U.S. federal prosecutors have produced no evidence linking dozens of people arrested in anti-racism protests in Portland, Oregon, to the antifa or anarchist movements, despite President Donald Trump’s assertions they are fueling the unrest.
A spokesman for the U.S. Attorney’s office in Portland confirmed this in an email to Reuters on Tuesday.
“We have not alleged defendant affiliation with any specific groups or ideologies in our cases stemming from recent Portland protests,” said Kevin Sonoff, the spokesman. “Our cases focus purely on the criminal conduct alleged.”
Trump and officials in his administration have applied the labels to the Portland protesters, who set fires around, and threw objects at, officers around a federal courthouse during long-running confrontations.
“I think there are anarchists and far-left groups involved in the violence in Portland,” Attorney General William Barr said in testimony before Congress last week. “I think antifa is involved in Portland.”
Antifa, which stands for anti-fascist, is a largely unstructured, far-left movement whose followers broadly aim to confront those they view as authoritarian or racist.
The Portland federal prosecutor’s office said it arrested more than 40 people on charges ranging from failing to obey lawful orders and operating a drone in restricted airspace to arson and assaulting a deputy U.S. marshal with an explosive device.

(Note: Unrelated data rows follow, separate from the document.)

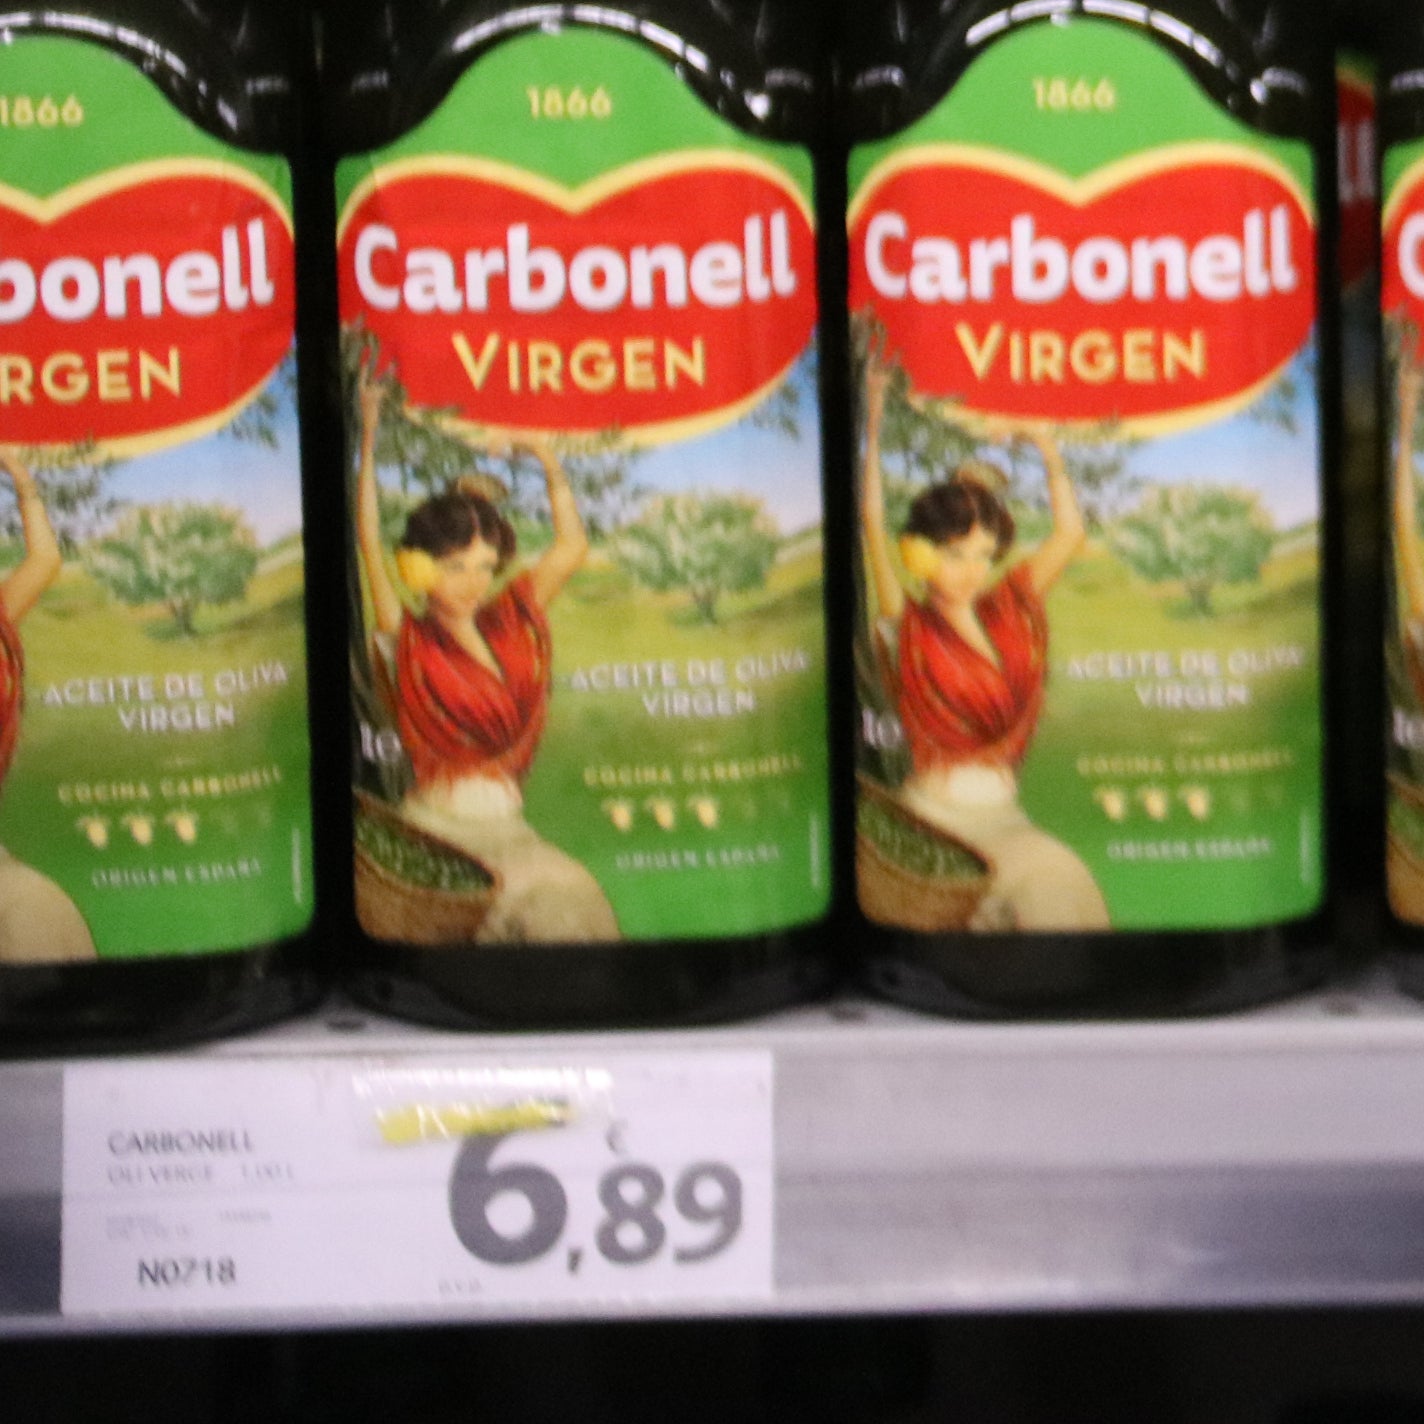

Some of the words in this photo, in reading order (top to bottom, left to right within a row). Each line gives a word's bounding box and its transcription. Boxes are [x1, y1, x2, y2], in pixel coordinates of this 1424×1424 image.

[526, 86, 612, 121] 1866
[1032, 77, 1117, 111] 1866
[355, 209, 797, 314] Carbonell
[864, 203, 1297, 304] Carbonell
[0, 345, 181, 405] RGEN
[452, 331, 705, 394] VIRGEN
[955, 322, 1205, 384] VIRGEN
[44, 674, 154, 707] ACEITE
[164, 673, 204, 701] DE
[215, 660, 289, 697] OLIVA
[571, 660, 678, 692] ACEITE
[688, 658, 727, 687] DE
[736, 648, 808, 684] OLIVA
[119, 703, 235, 732] VIRGEN
[642, 689, 756, 718] VIRGEN
[107, 1129, 254, 1155] CARBONELL
[448, 1104, 744, 1275] 6,89

In a July 26 internal memo first reported by the Lawfare.com blog, Brian Murphy, a former FBI agent who was serving as acting chief of the Department of Homeland Security’s Intelligence and Analysis office, suggested calling many Portland protesters “Violent Antifa Anarchists Inspired.”

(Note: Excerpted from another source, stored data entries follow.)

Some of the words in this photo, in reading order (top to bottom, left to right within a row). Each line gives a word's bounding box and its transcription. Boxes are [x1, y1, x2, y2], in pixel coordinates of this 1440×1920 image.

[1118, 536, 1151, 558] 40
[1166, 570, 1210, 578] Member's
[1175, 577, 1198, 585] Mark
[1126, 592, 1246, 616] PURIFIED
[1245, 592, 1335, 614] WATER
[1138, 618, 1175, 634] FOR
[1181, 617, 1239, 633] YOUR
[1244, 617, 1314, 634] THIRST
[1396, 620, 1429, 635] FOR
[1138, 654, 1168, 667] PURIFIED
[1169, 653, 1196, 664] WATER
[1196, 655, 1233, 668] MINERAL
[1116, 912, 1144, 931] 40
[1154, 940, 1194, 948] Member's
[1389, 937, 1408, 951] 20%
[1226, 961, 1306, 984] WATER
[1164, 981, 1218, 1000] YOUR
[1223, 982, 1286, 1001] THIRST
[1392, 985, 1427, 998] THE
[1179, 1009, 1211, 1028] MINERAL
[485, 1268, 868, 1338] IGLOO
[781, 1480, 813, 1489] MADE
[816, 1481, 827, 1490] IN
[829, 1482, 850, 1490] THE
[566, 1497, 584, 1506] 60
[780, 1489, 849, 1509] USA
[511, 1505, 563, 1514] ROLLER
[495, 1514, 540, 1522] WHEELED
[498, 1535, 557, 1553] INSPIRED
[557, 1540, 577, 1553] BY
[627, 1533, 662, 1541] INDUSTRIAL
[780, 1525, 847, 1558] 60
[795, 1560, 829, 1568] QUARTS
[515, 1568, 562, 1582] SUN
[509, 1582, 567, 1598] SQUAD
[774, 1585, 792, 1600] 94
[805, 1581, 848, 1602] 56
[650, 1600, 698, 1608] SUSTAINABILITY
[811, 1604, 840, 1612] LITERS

Murphy was transferred to a different job over the weekend.
The Democrat who chairs the U.S. House of Representatives intelligence committee, Representative Adam Schiff, said on Monday that his panel would investigate the actions in Portland of that DHS office and its response to other anti-racism protests across the country. The Senate Intelligence Committee has launched similar inquiries.